Foi como se o mundo ruísse aos meus pés, fiquei sem ar. Só consegui balbuciar o ocorrido à minha prima, sentindo o sangue gelar. Fiquei estática, incrédula e só saí do meu transe com a pequena multidão que se formava. Na semana anterior, um pai tinha esquecido seu filho pequeno dentro do carro por horas, num estacionamento, e a criança morrera. Eu via meu filho sorrindo, os olhinhos de sono, as gotas de suor caindo sobre seu rosto, um calor imenso do lado de fora e todos os vidros trancados por dentro. Uns diziam para chamar o chaveiro, outros tentavam buscar chaves de carros iguais, mas um desconhecido mandou buscar um martelo, o que eu concordei, e quebrou o vidro, abrindo a porta. Ainda saí logo, mesmo trêmula, porque tinha que pegar o mais velho na casa do pai e consertar o vidro antes de cruzar a cidade para chegar em casa e preparar o jantar na hora exata.

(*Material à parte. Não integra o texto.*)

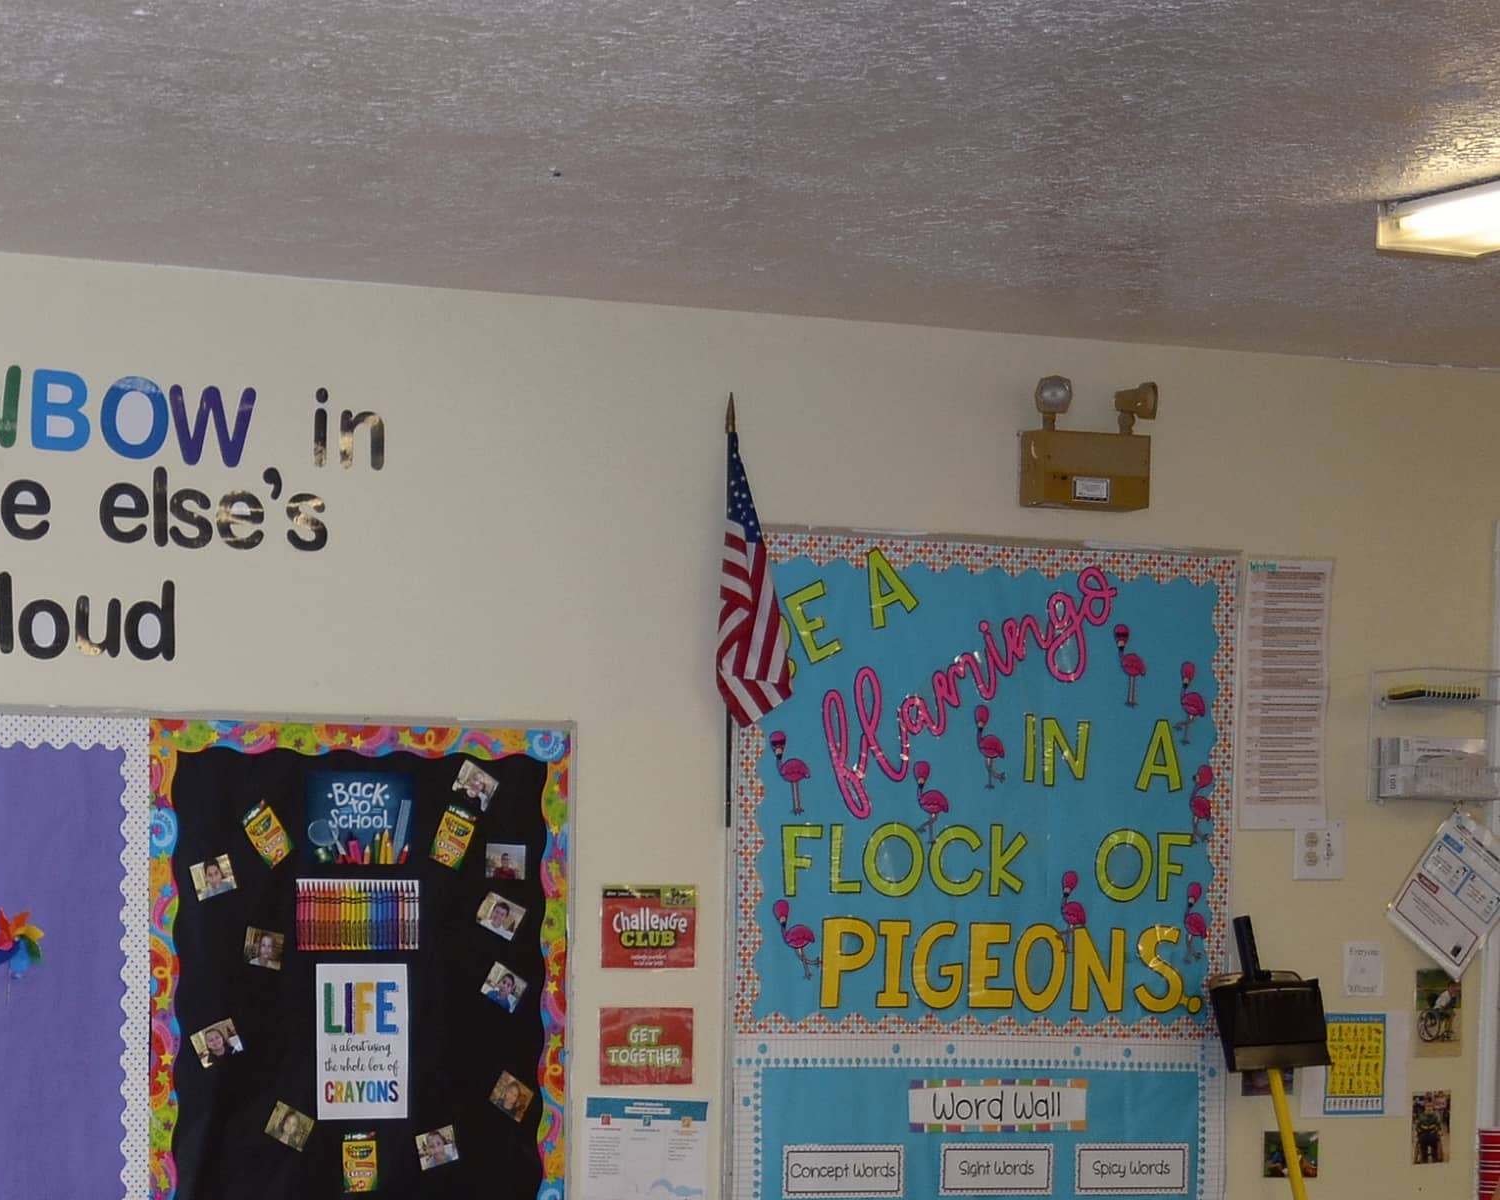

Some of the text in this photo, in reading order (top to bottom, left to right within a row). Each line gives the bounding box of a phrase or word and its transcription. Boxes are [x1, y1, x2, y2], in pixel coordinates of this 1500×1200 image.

Que loucura! O que a pressa não faz com a gente?! Quantos equívocos! Quantas falhas pela falta de atenção. Deixamos de perceber as coisas mais importantes da vida, as pessoas que mais amamos, porque somos escravos do relógio e não dimensionamos a profundidade dos nossos erros. Como fui inconseqüente tentando ser tão controlada, planejada e inflexível!
O cotidiano nos aprisiona em condicionamentos. Todos os dias fazemos os mesmos trajetos, repetimos as mesmas ações, obedecemos aos mesmos horários e não nos damos conta que nada se repete, nenhum instante é igual ao outro, apesar da sensação de que nada muda.
Depois deste episódio, deixei de andar no piloto-automático e passei a concentrar atenção no momento presente. Paciente e consciente, afrouxei minhas próprias regras para me permitir viver melhor.
"planejava o que faria, por quanto tempo e o que diria para sair cedo"
ResponderExcluirIsto já é tortura!
Quanta confusão causada por uma regra estabelecida por você e sem cabimento.
Ainda em fins de semana, passeios, festas, algumas pessoas agem como se estivesse em dia de semana, com aquela uma horinha cravada para almoçar e voltar ao escritório!
Uau! Sufocante esta história, Nádia! E, mesmo depois do ocorrido, você ainda tinha o pensamento lááá no jantar que não poderia atrasar em hipótese alguma!
Ainda bem que somos mutantes. Em se tratando de arianos, então, a metamorfose é minuto a minuto!
Como eu disse na postagem que vem depois desta (e que você diz aqui, ao final): é preciso, sim, se permitir!
Beijo! É sempre bom passar por aqui!
Que bom, Eli! É uma história real para ilustrar até onde vai a nossa exposição quando temos uma pressa absurda e desnecessária.